Task prompt:
Your copy of the entries must be exact, and it must not include the pictures.

+-------+

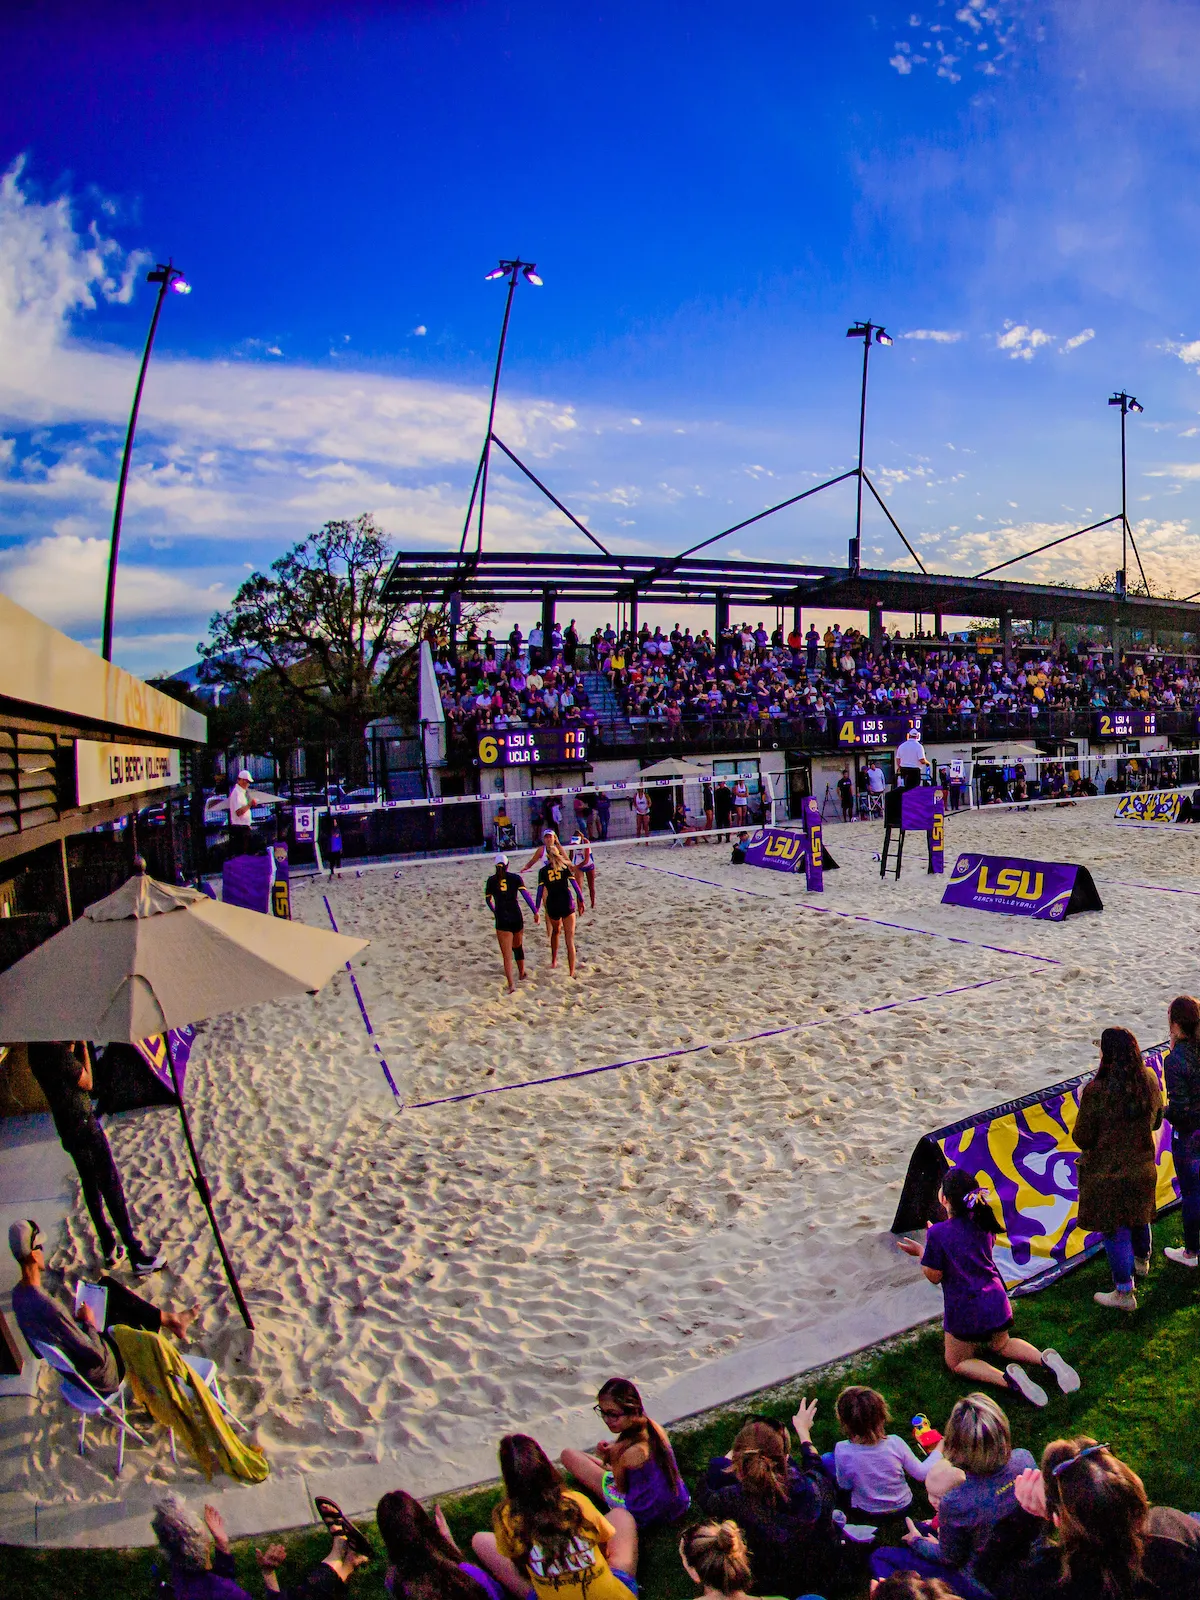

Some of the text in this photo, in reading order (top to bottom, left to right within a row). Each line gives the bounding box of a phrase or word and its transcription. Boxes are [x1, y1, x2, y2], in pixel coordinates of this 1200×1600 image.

[862, 720, 876, 730] LSU
[878, 720, 883, 730] 5
[915, 720, 921, 729] 0
[1100, 716, 1111, 734] 2
[1115, 716, 1124, 724] LSU
[508, 735, 525, 747] LSU
[528, 734, 535, 746] 6
[578, 732, 584, 743] 0
[839, 720, 856, 744] 4
[863, 734, 887, 743] UCLA 5
[478, 736, 498, 764] 6
[509, 747, 585, 763] UCLA 6 11 0
[110, 756, 123, 785] LSU
[933, 814, 944, 852] LSU
[765, 836, 800, 859] LSU
[811, 826, 822, 867] LSU
[548, 869, 561, 882] 25
[977, 866, 1044, 900] LSU
[500, 879, 508, 892] 5
[994, 898, 1036, 908] VOLLEYBALL
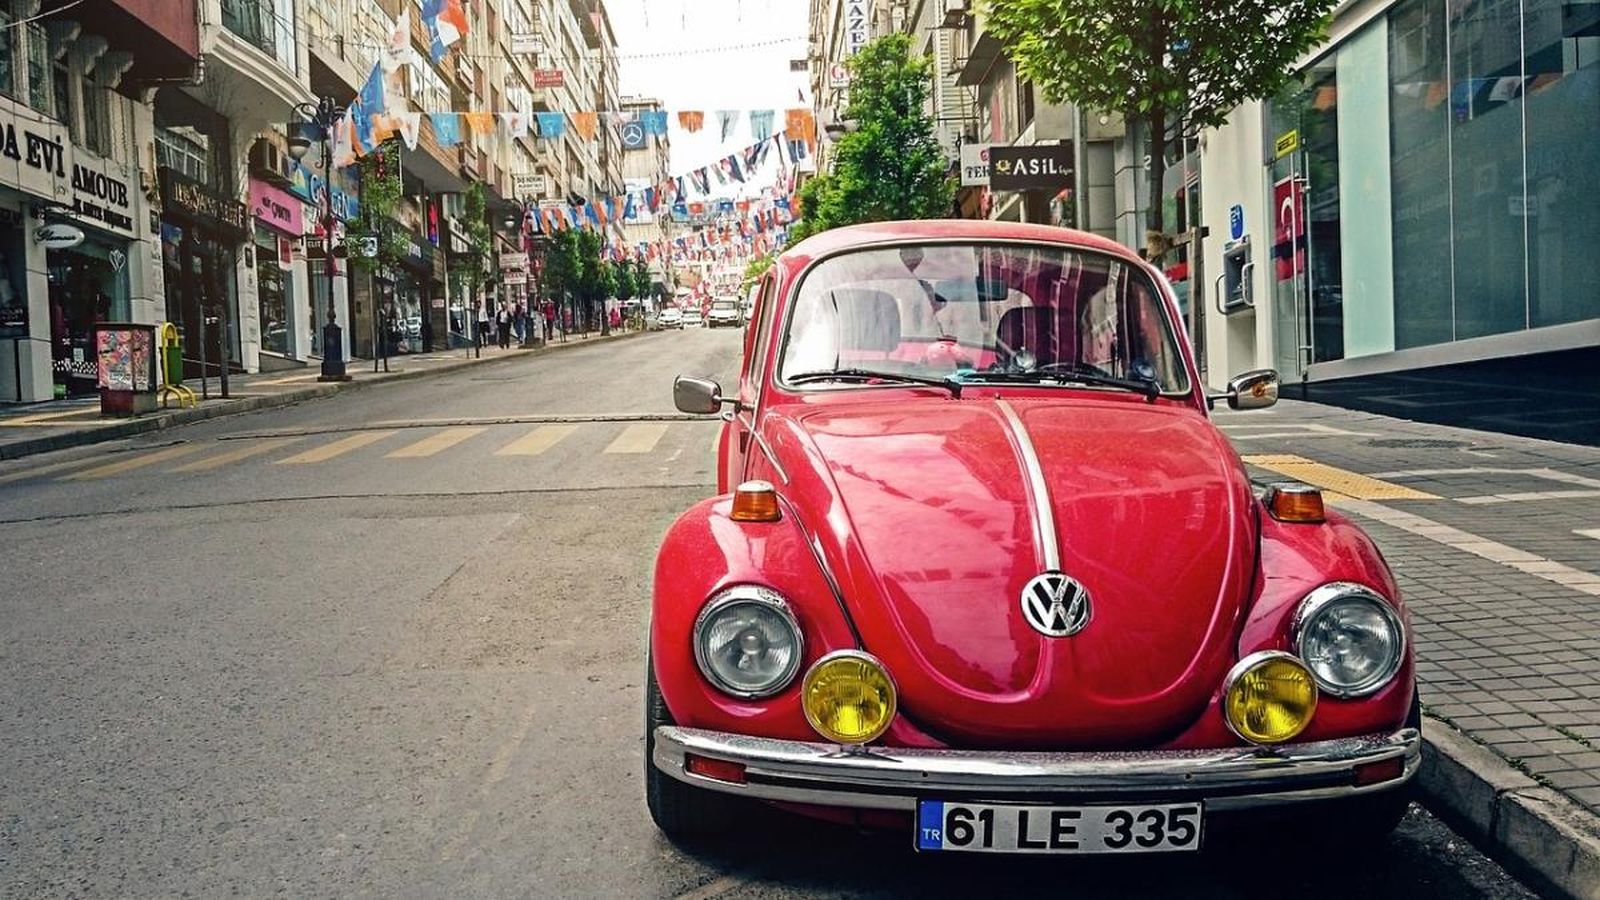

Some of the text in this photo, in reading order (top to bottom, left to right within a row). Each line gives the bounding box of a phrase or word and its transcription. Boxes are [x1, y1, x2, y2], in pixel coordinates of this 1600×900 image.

[0, 122, 65, 178] A EVİ
[71, 164, 128, 209] AMOUR
[1021, 573, 1093, 637] VW
[922, 806, 1198, 849] TR 61 LE 335
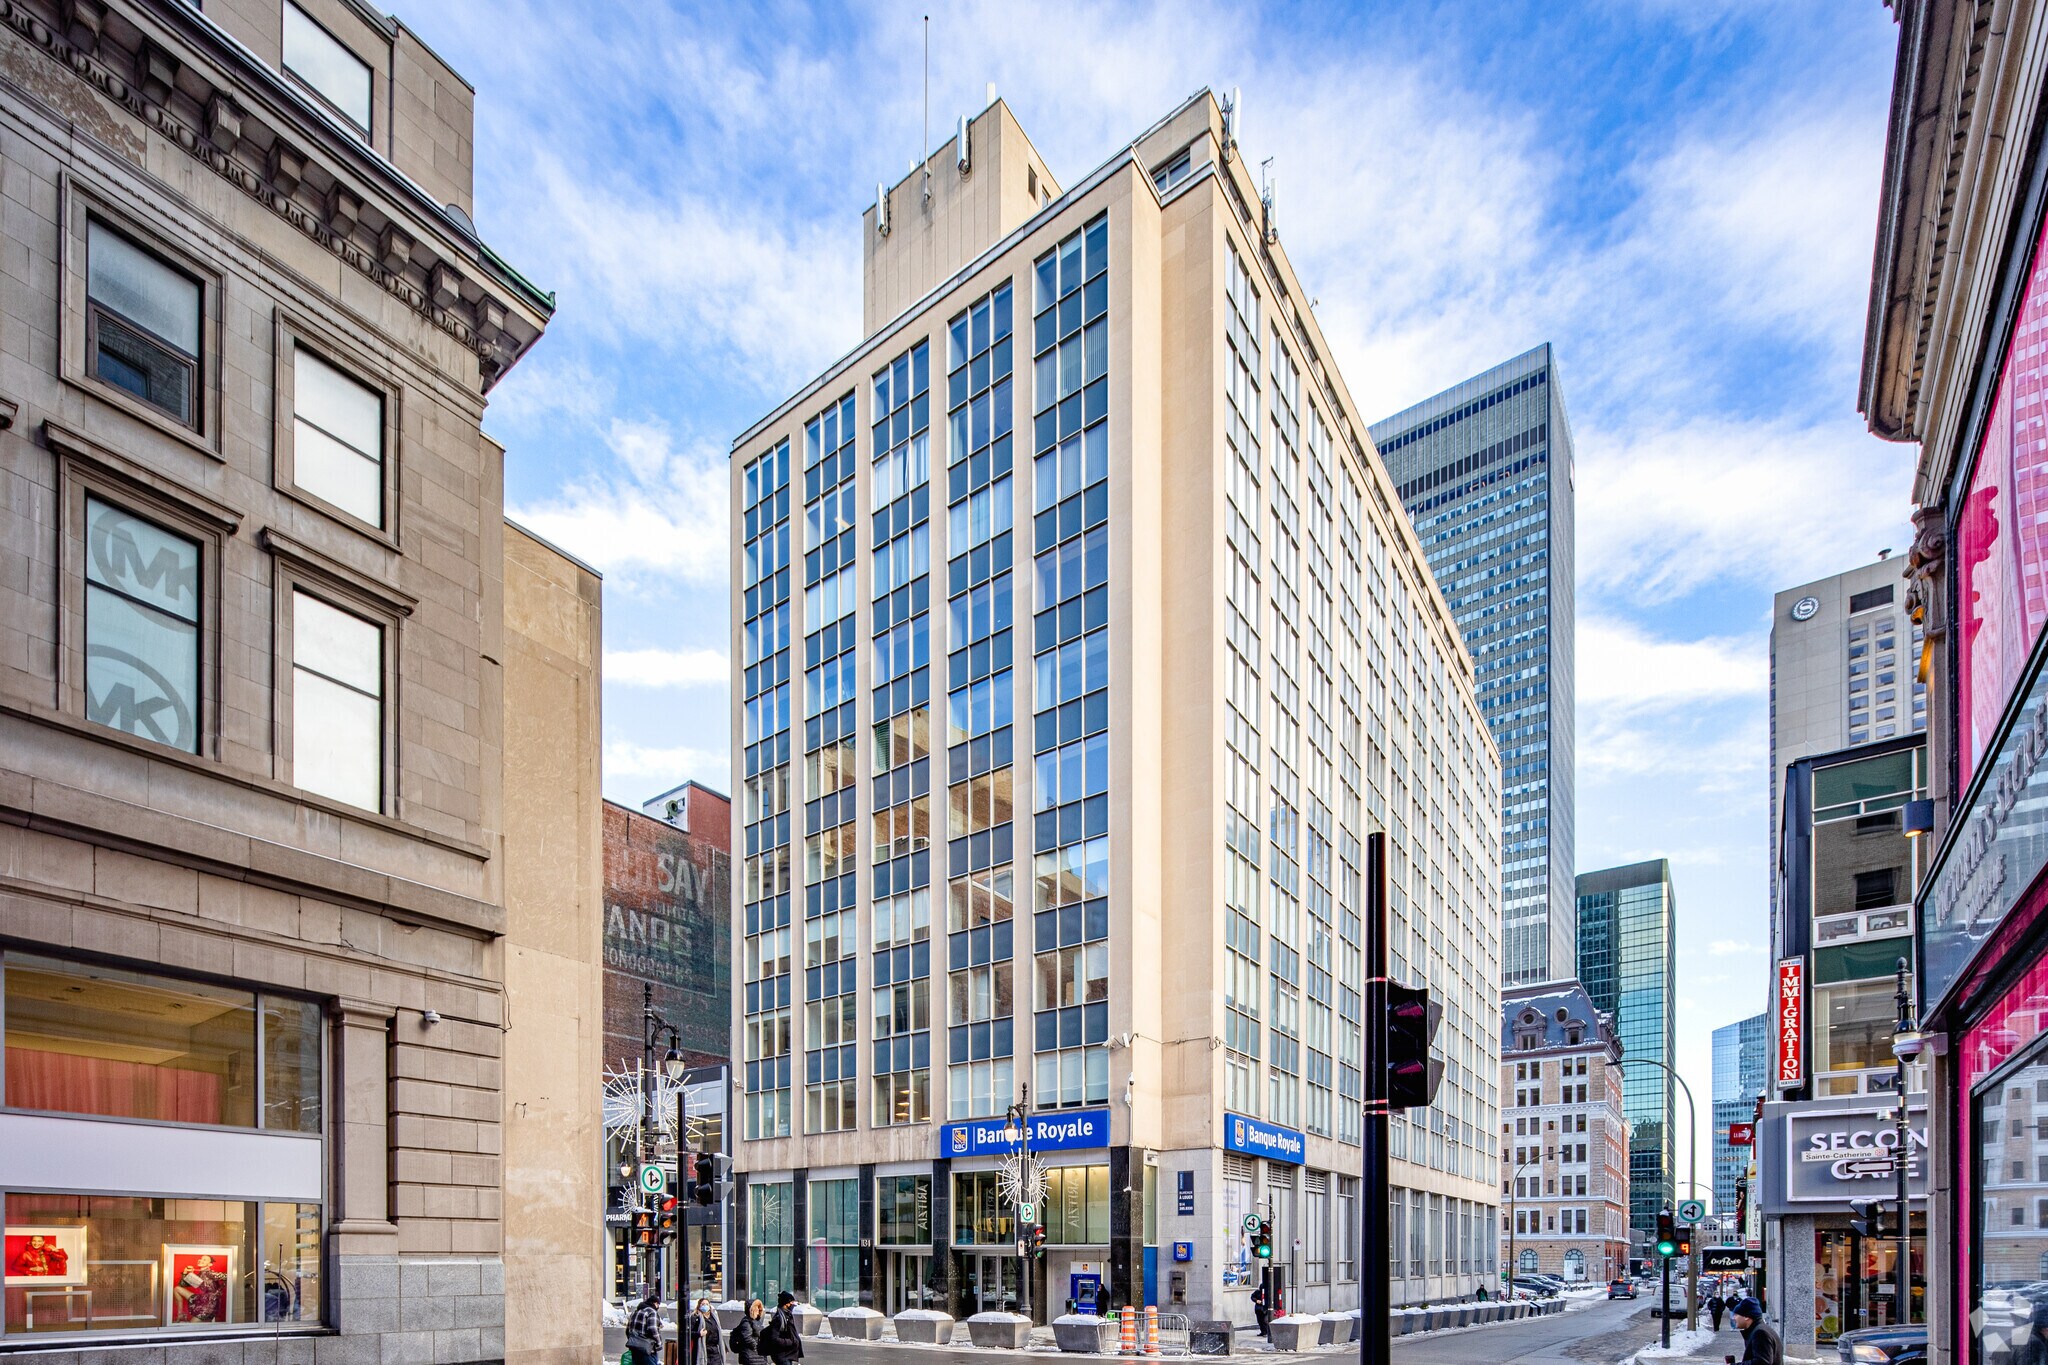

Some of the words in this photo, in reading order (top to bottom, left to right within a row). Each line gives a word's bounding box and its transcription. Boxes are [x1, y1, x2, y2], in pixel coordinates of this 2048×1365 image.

+-------+

Solution to this exercise:
Some of the text in this photo, in reading order (top to bottom, left to right within a row). Each line gives the bounding box of a phrase or word and its transcription. Boxes are [x1, y1, x2, y2], in pixel coordinates of this 1200×1600 image.

[862, 720, 876, 730] LSU
[878, 720, 883, 730] 5
[915, 720, 921, 729] 0
[1100, 716, 1111, 734] 2
[1115, 716, 1124, 724] LSU
[508, 735, 525, 747] LSU
[528, 734, 535, 746] 6
[578, 732, 584, 743] 0
[839, 720, 856, 744] 4
[863, 734, 887, 743] UCLA 5
[478, 736, 498, 764] 6
[509, 747, 585, 763] UCLA 6 11 0
[110, 756, 123, 785] LSU
[933, 814, 944, 852] LSU
[765, 836, 800, 859] LSU
[811, 826, 822, 867] LSU
[548, 869, 561, 882] 25
[977, 866, 1044, 900] LSU
[500, 879, 508, 892] 5
[994, 898, 1036, 908] VOLLEYBALL

Some of the text in this photo, in reading order (top to bottom, left to right within a row). Each line gives the bounding box of a phrase or word and its transcription. Boxes are [x1, y1, x2, y2], in pixel coordinates of this 1600×900 image.

[0, 122, 65, 178] A EVİ
[71, 164, 128, 209] AMOUR
[1021, 573, 1093, 637] VW
[922, 806, 1198, 849] TR 61 LE 335

Some of the words in this photo, in reading order (top to bottom, left to right within a row). Each line gives a word's bounding box and its transcription. Boxes are [x1, y1, x2, y2], in pixel coordinates of this 2048×1365 image.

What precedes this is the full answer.